* _WHAT IS REQUIRED_: The records must be retyped exactly, with no pictures included.

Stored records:
__________

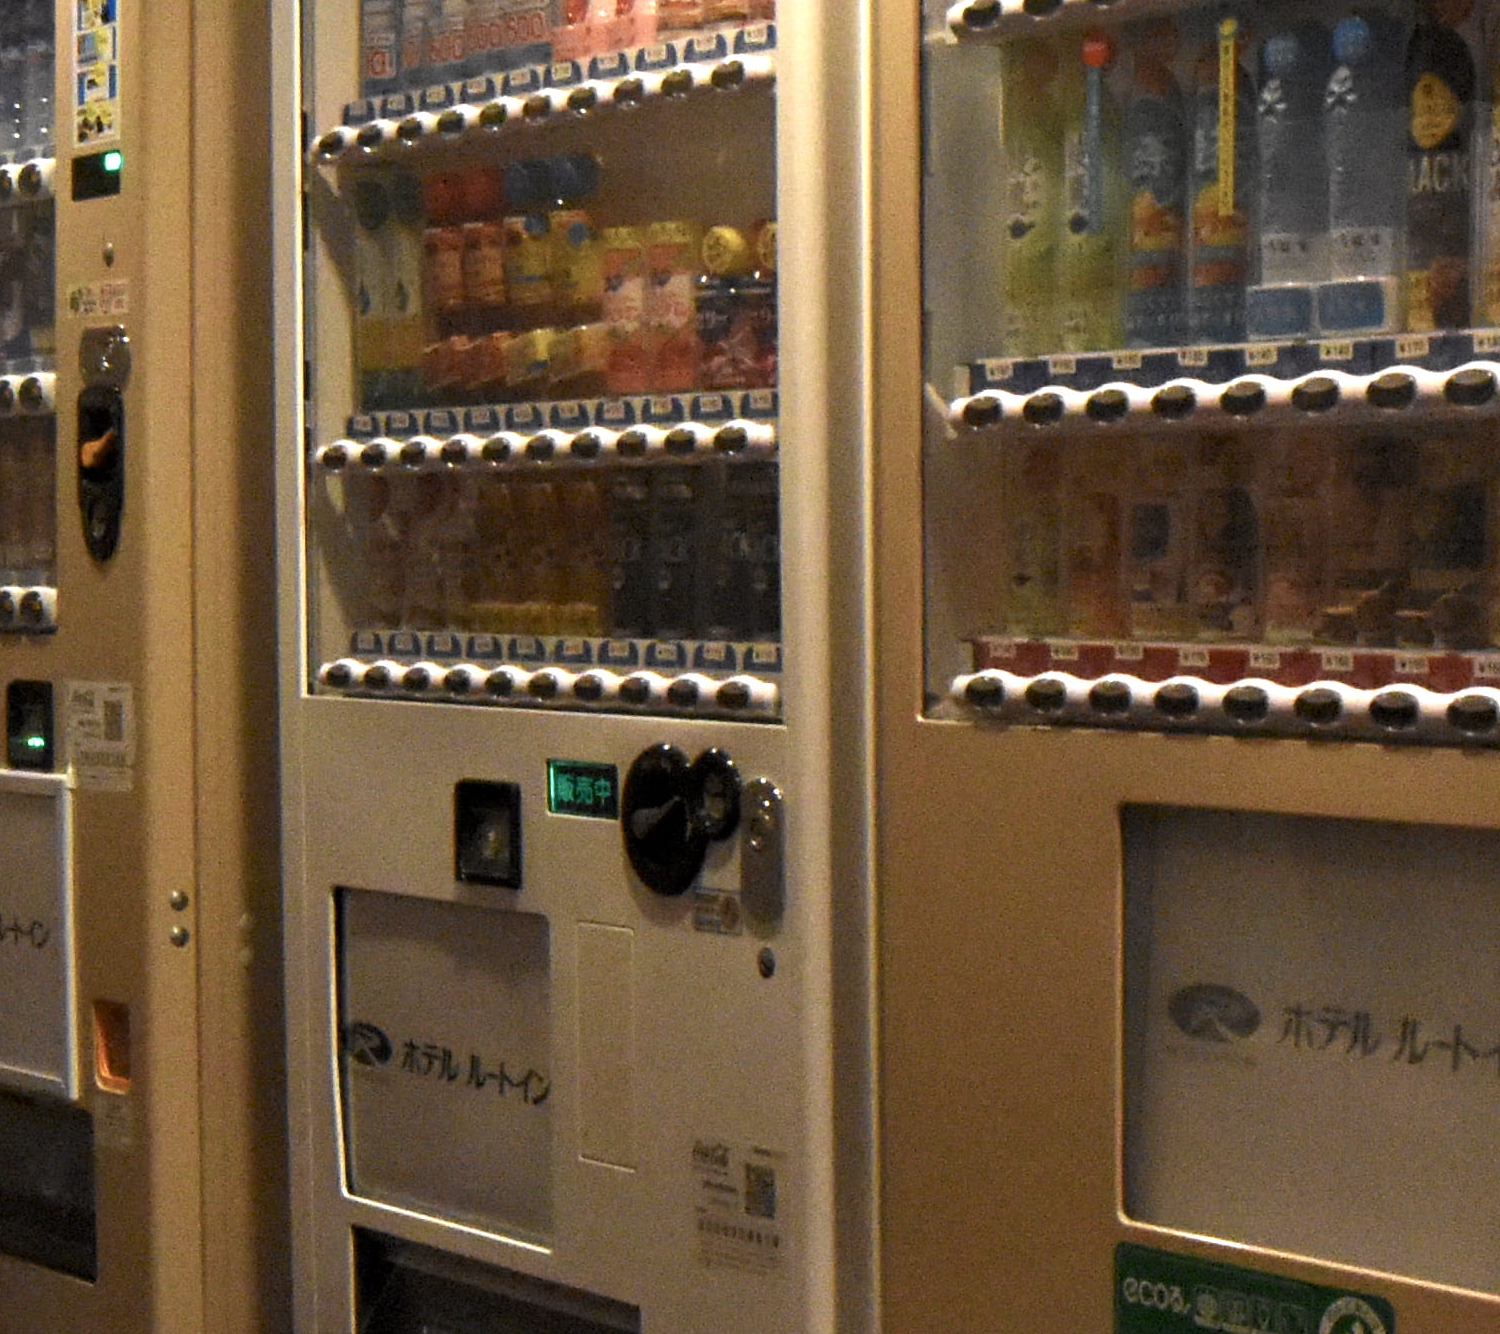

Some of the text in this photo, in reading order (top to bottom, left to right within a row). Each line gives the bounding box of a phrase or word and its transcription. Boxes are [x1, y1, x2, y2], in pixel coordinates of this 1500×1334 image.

[1278, 1004, 1381, 1059] ホテル
[402, 1037, 460, 1083] ホテル
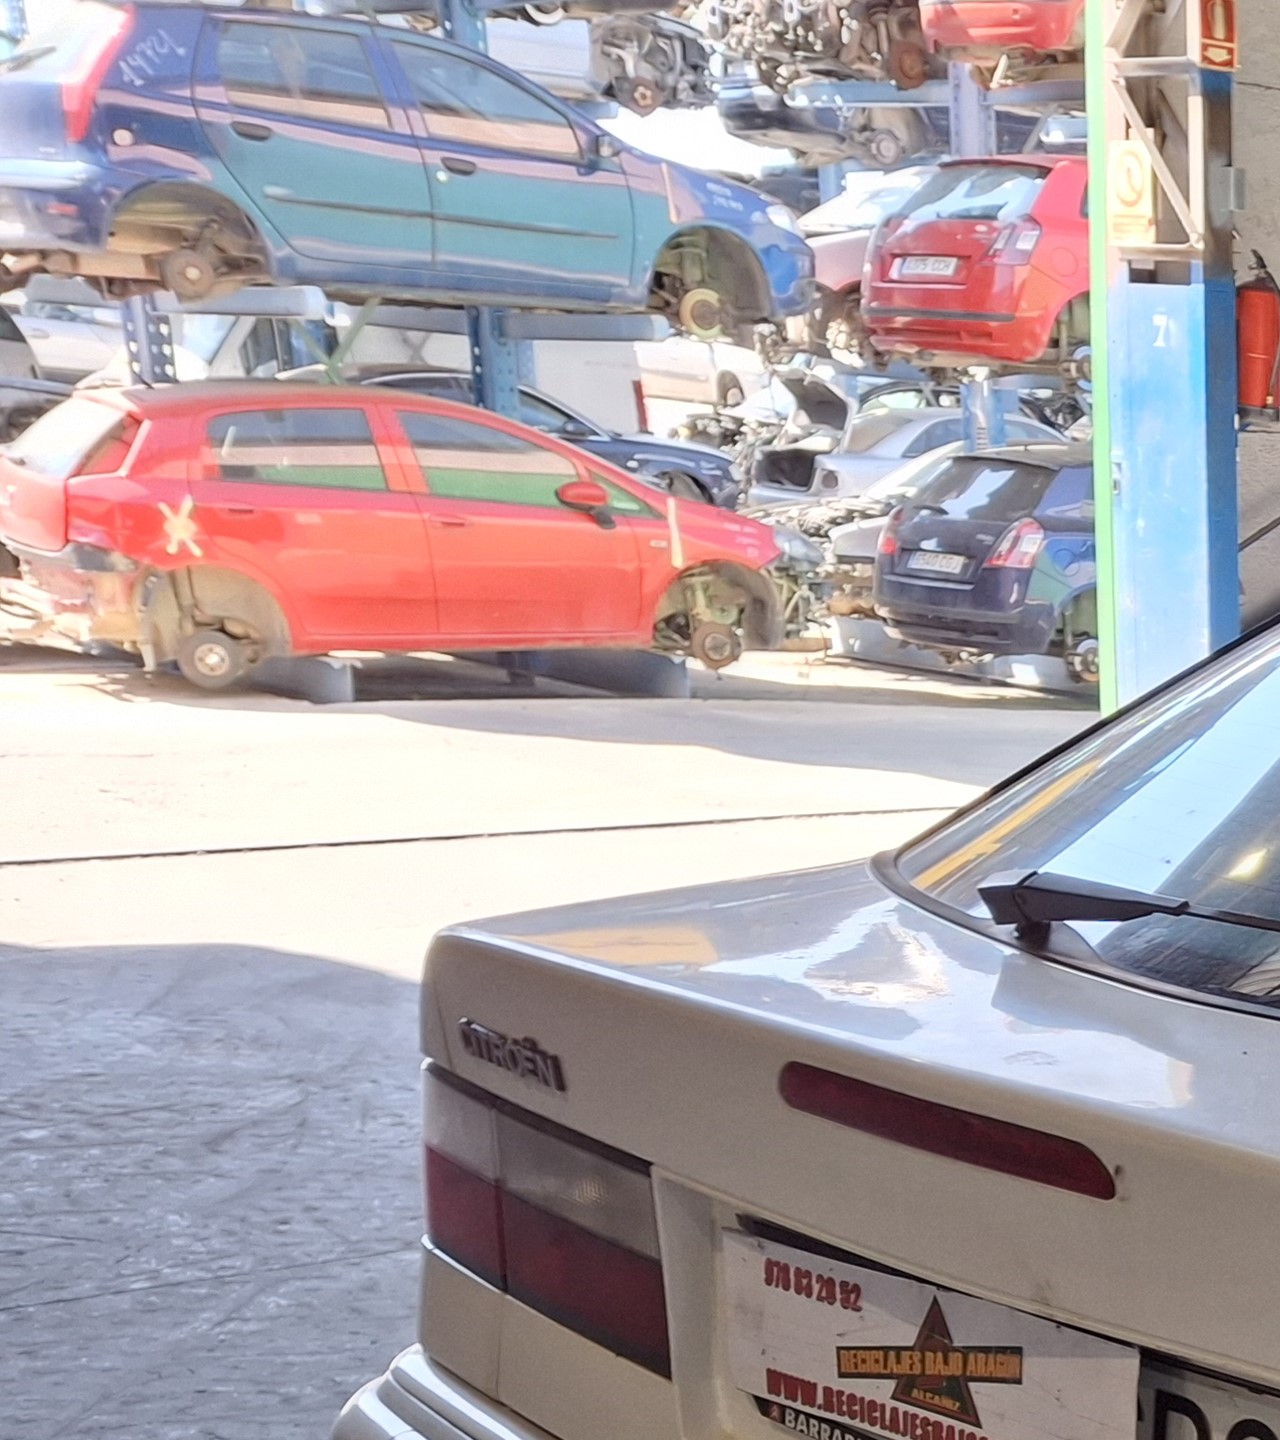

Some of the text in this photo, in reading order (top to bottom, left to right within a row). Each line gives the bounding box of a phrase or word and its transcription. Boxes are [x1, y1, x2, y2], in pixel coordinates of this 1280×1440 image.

[764, 1256, 792, 1292] 978
[839, 1280, 863, 1313] 52
[839, 1349, 922, 1375] RECICLAJES
[924, 1351, 964, 1377] BAJO
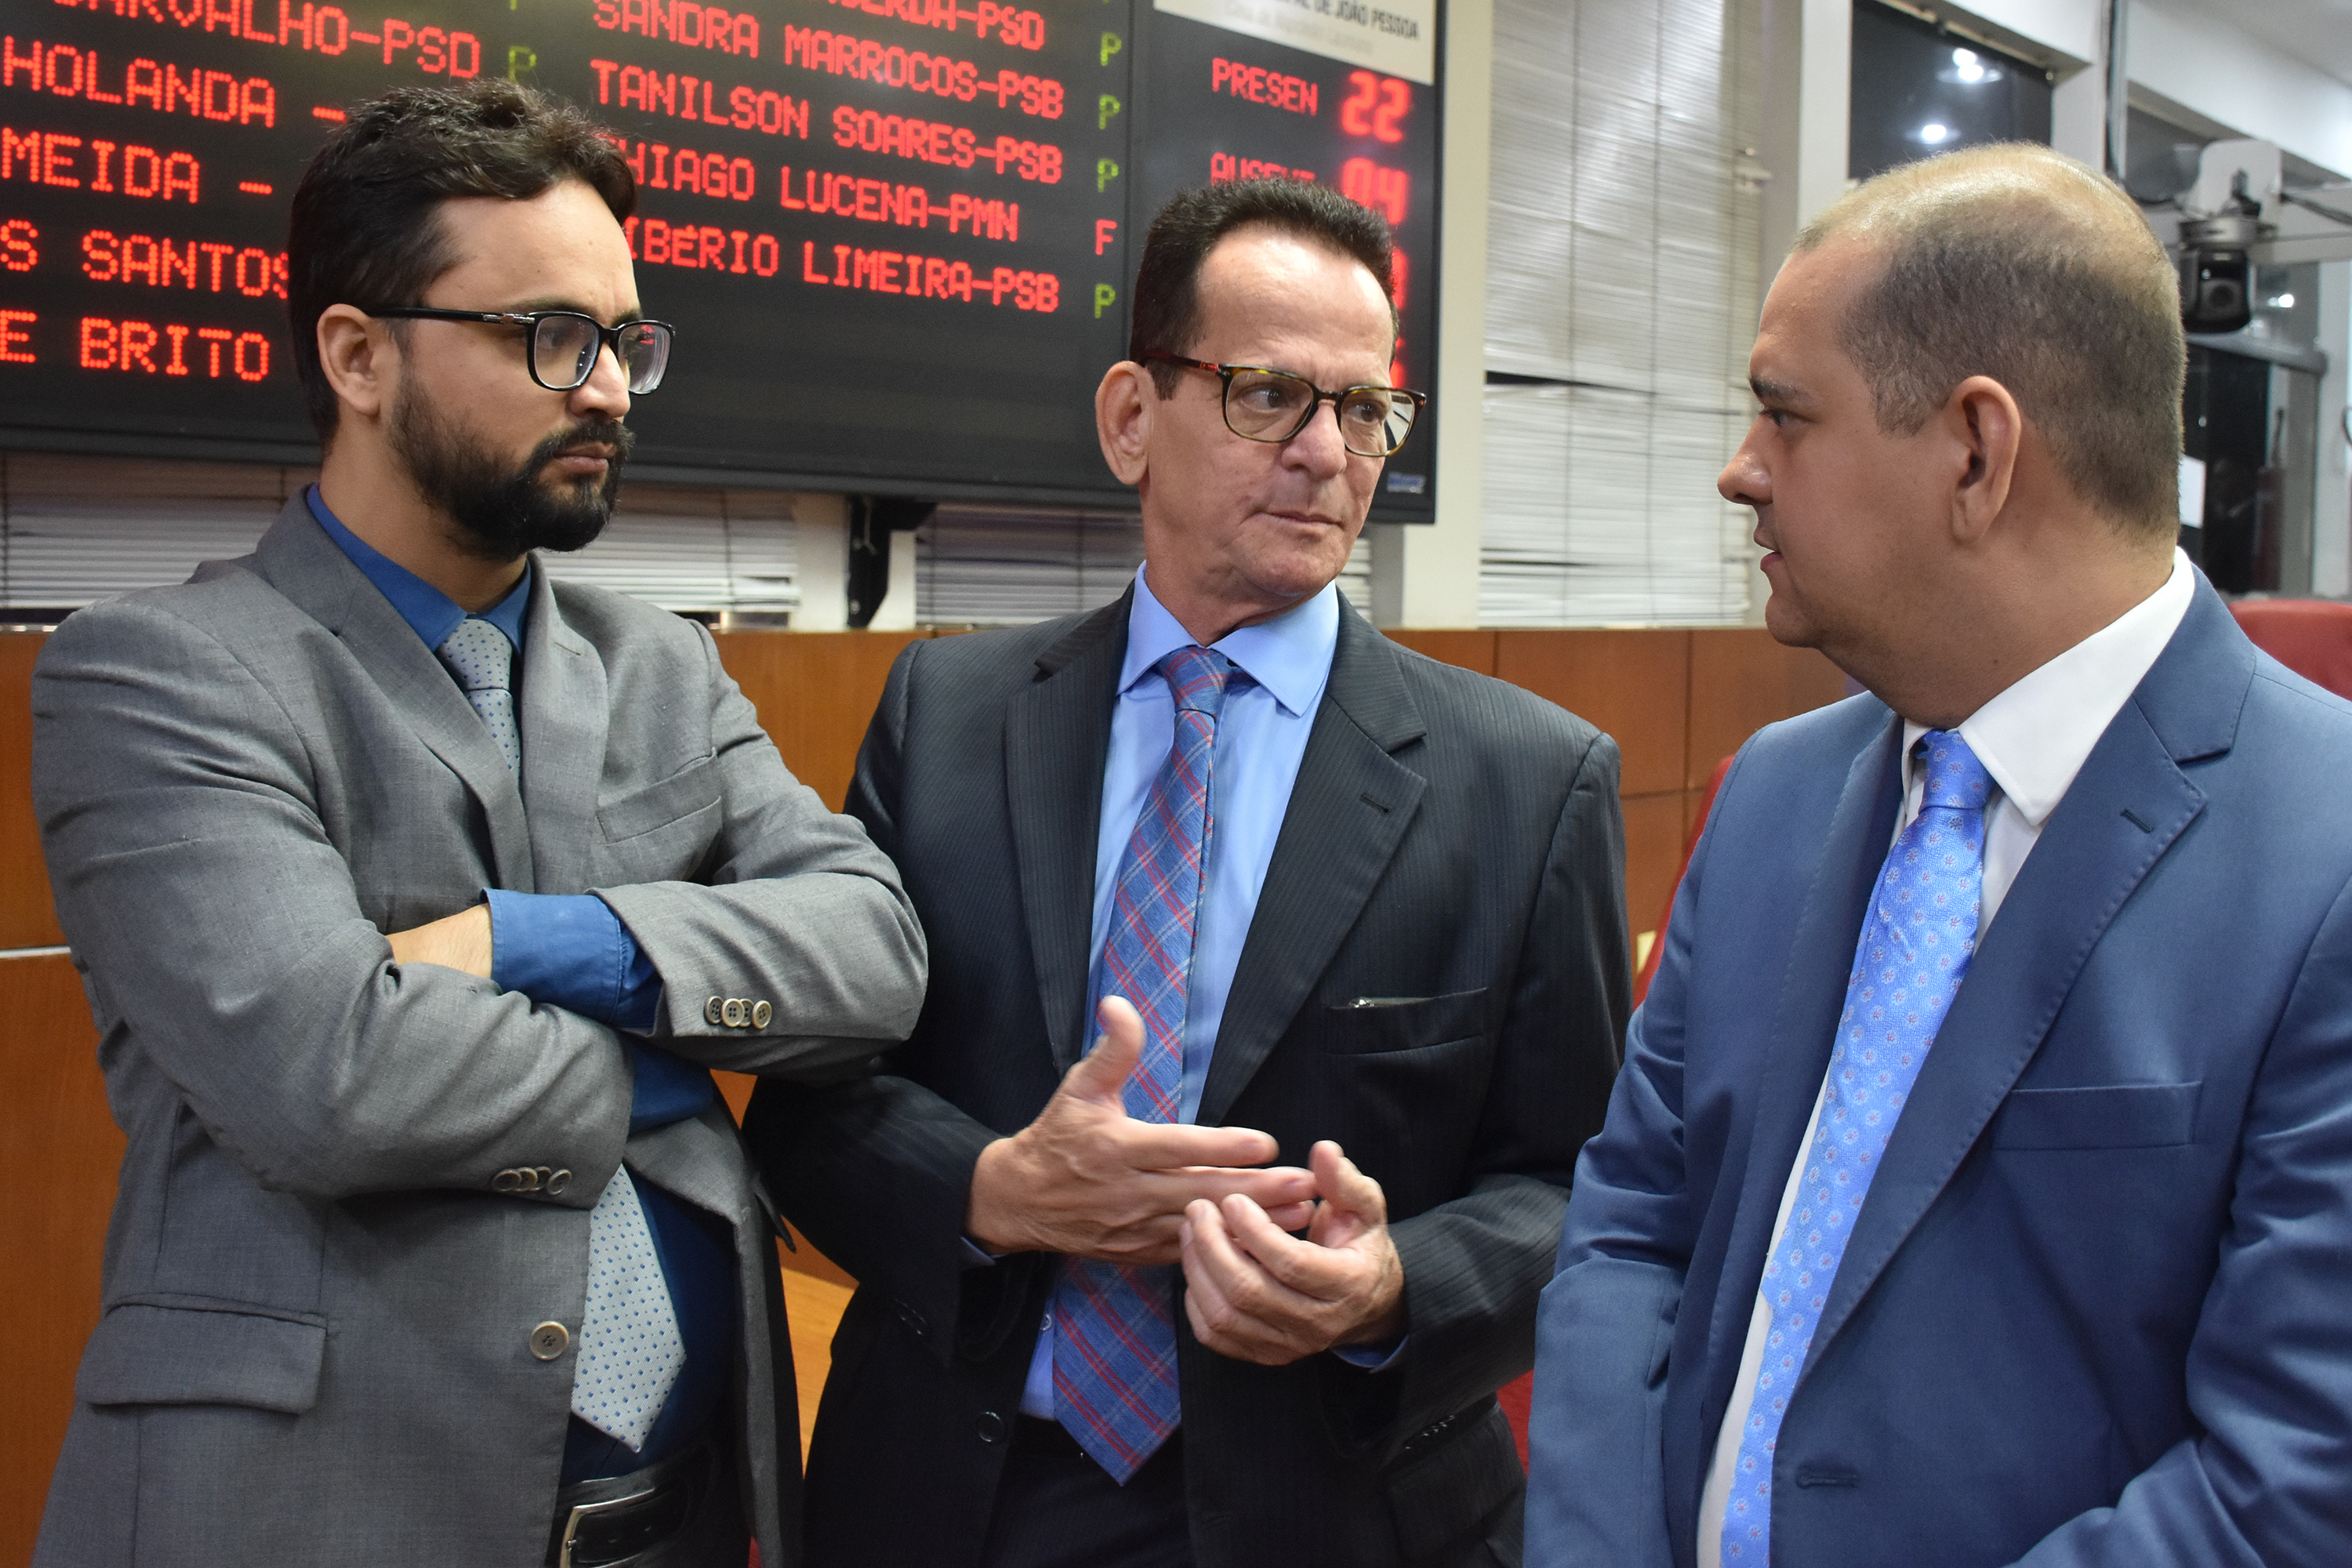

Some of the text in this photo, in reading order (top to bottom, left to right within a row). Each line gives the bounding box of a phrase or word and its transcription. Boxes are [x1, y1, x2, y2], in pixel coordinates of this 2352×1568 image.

[54, 0, 481, 79] VALHO-PSD
[593, 0, 1121, 129] SANDRA MARROCOS-PSB P
[828, 0, 1122, 66] DA-PSD P
[2, 35, 276, 129] HOLANDA
[590, 58, 1120, 192] TANILSON SOARES-PSB P
[1212, 57, 1411, 144] PRESEN 22
[1, 126, 201, 204] MEIDA
[593, 132, 1118, 256] HIAGO LUCENA-PMN F
[624, 216, 1116, 319] IBÉRIO LIMEIRA-PSB P
[81, 316, 270, 382] BRITO

__________

* _WORKED SOLUTION_:
Some of the text in this photo, in reading order (top to bottom, left to right within a row). Each line gives the bounding box of a phrase or word and its transcription. Boxes are [x1, y1, x2, y2], in pixel coordinates of this 1500×1334 image.

[1278, 1004, 1381, 1059] ホテル
[402, 1037, 460, 1083] ホテル

Some of the text in this photo, in reading order (top to bottom, left to right within a row). Each line gives the bounding box of a phrase or word and its transcription. Boxes are [x1, y1, x2, y2], in pixel coordinates of this 1280×1440 image.

[764, 1256, 792, 1292] 978
[839, 1280, 863, 1313] 52
[839, 1349, 922, 1375] RECICLAJES
[924, 1351, 964, 1377] BAJO

Some of the text in this photo, in reading order (top to bottom, left to right within a row). Each line gives the bounding box of a phrase or word and its transcription. Boxes are [x1, y1, x2, y2], in pixel coordinates of this 2352×1568 image.

[54, 0, 481, 79] VALHO-PSD
[593, 0, 1121, 129] SANDRA MARROCOS-PSB P
[828, 0, 1122, 66] DA-PSD P
[2, 35, 276, 129] HOLANDA
[590, 58, 1120, 192] TANILSON SOARES-PSB P
[1212, 57, 1411, 144] PRESEN 22
[1, 126, 201, 204] MEIDA
[593, 132, 1118, 256] HIAGO LUCENA-PMN F
[624, 216, 1116, 319] IBÉRIO LIMEIRA-PSB P
[81, 316, 270, 382] BRITO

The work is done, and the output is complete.